**Work to complete**
Please give back each entry below unaltered, leaving the pictures out.

(Images for object localization)

◆ ◆ ◆ ◆

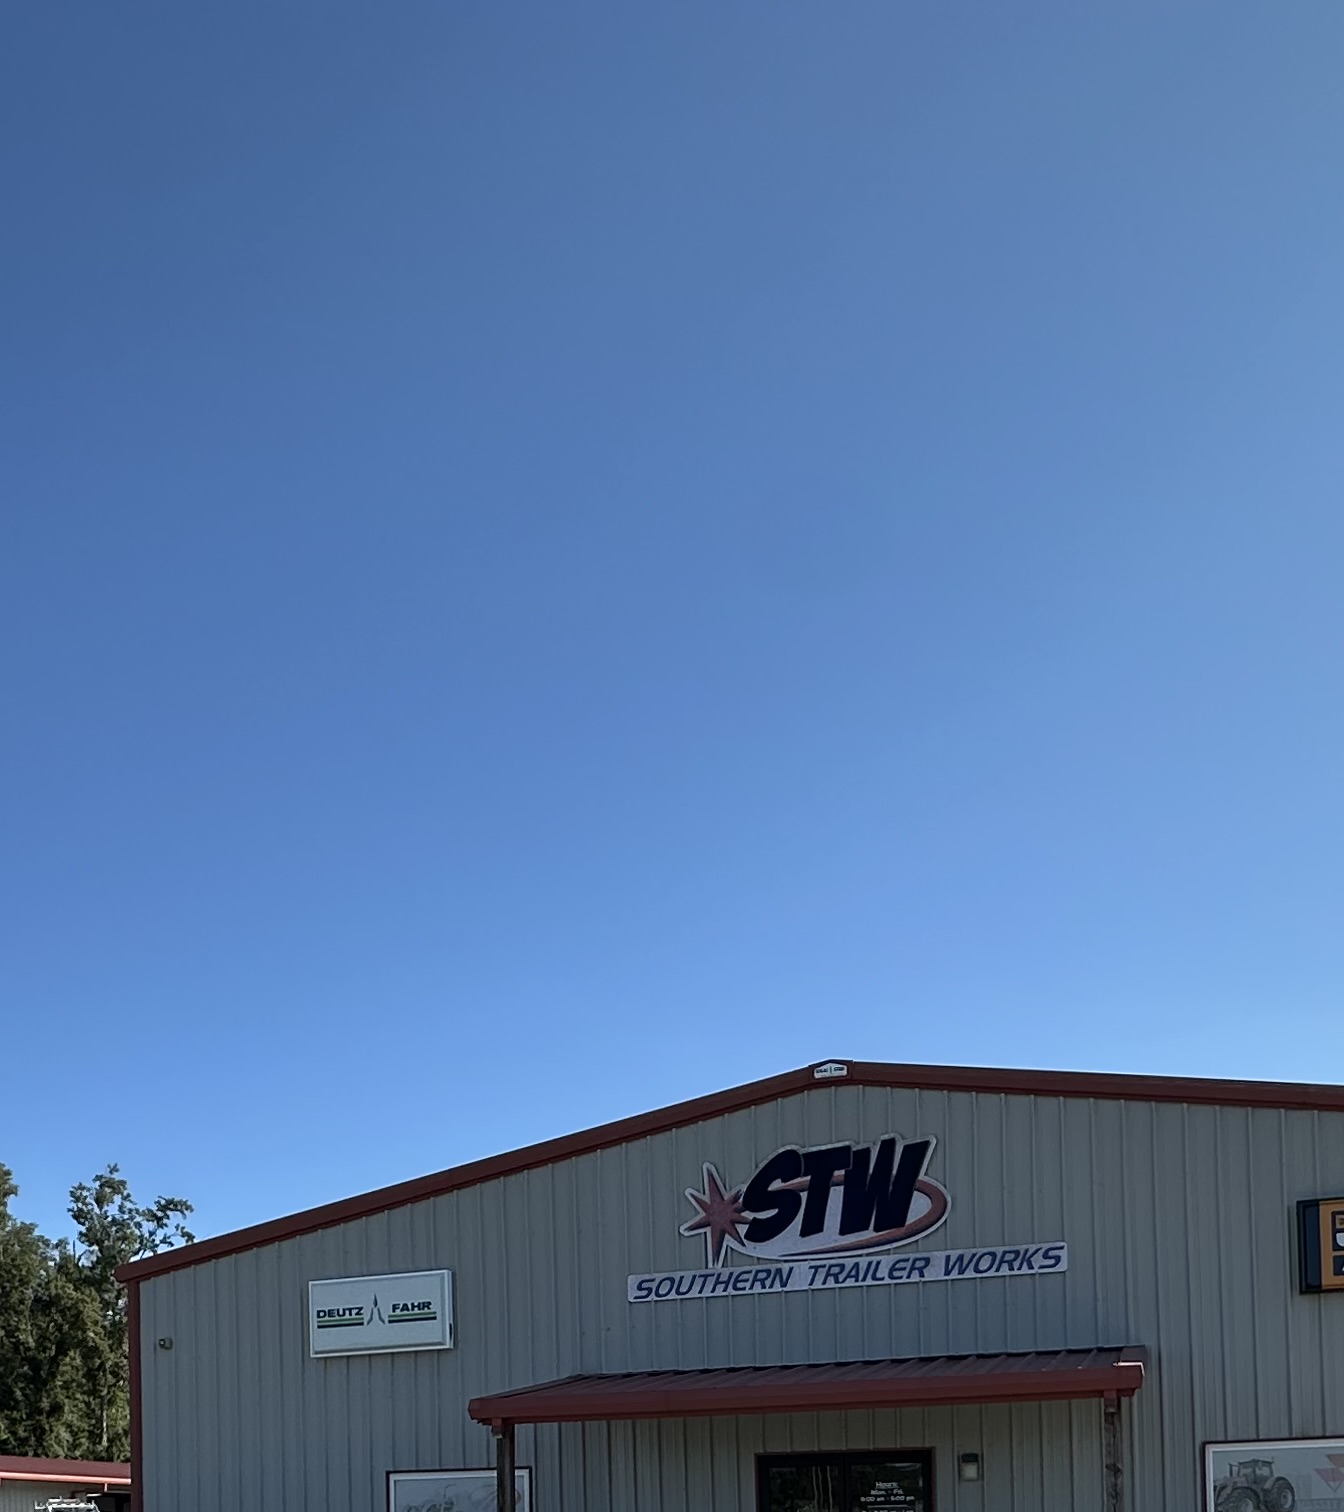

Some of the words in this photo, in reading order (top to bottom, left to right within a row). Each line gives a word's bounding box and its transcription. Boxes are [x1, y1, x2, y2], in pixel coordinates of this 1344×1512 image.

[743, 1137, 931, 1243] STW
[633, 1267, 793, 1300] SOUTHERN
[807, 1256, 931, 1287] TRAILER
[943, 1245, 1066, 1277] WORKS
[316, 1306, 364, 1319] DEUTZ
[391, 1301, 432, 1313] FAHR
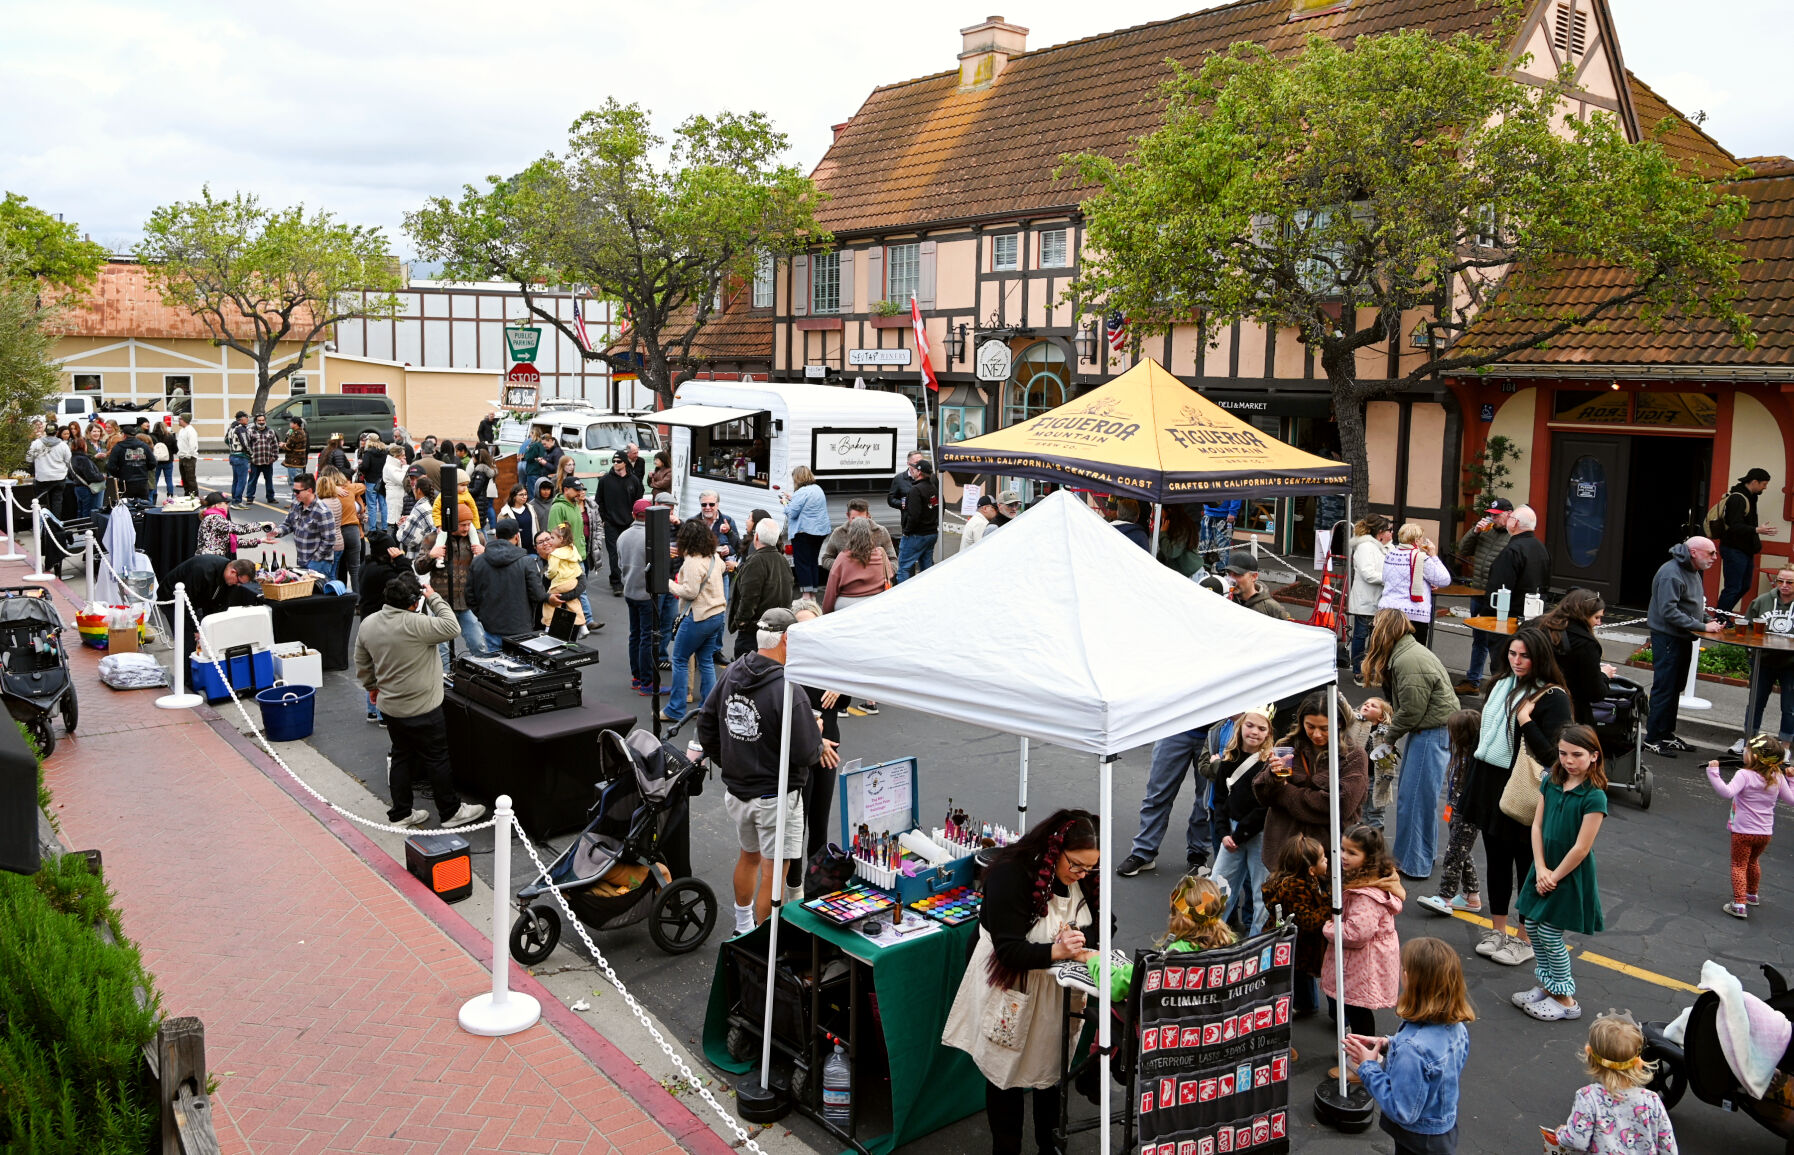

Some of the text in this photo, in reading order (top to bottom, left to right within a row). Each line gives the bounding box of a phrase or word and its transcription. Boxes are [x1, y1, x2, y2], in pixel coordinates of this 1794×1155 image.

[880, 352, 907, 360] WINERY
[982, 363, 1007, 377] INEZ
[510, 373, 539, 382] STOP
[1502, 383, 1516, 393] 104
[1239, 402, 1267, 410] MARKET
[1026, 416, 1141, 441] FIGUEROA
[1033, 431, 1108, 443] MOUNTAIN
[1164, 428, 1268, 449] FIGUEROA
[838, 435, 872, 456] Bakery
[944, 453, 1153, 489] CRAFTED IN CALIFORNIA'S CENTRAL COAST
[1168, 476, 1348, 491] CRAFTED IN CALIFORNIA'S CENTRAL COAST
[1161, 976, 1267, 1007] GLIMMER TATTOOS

◆ ◆ ◆ ◆

**The answer**
Some of the words in this photo, in reading order (top to bottom, left to right within a row). Each line gives a word's bounding box and its transcription. Boxes are [x1, y1, x2, y2], in pixel coordinates of this 1344×1512 image.

[743, 1137, 931, 1243] STW
[633, 1267, 793, 1300] SOUTHERN
[807, 1256, 931, 1287] TRAILER
[943, 1245, 1066, 1277] WORKS
[316, 1306, 364, 1319] DEUTZ
[391, 1301, 432, 1313] FAHR

Some of the text in this photo, in reading order (top to bottom, left to right within a row). Each line gives the bounding box of a phrase or word and its transcription. Boxes are [x1, y1, x2, y2], in pixel coordinates of this 1794×1155 image.

[880, 352, 907, 360] WINERY
[982, 363, 1007, 377] INEZ
[510, 373, 539, 382] STOP
[1502, 383, 1516, 393] 104
[1239, 402, 1267, 410] MARKET
[1026, 416, 1141, 441] FIGUEROA
[1033, 431, 1108, 443] MOUNTAIN
[1164, 428, 1268, 449] FIGUEROA
[838, 435, 872, 456] Bakery
[944, 453, 1153, 489] CRAFTED IN CALIFORNIA'S CENTRAL COAST
[1168, 476, 1348, 491] CRAFTED IN CALIFORNIA'S CENTRAL COAST
[1161, 976, 1267, 1007] GLIMMER TATTOOS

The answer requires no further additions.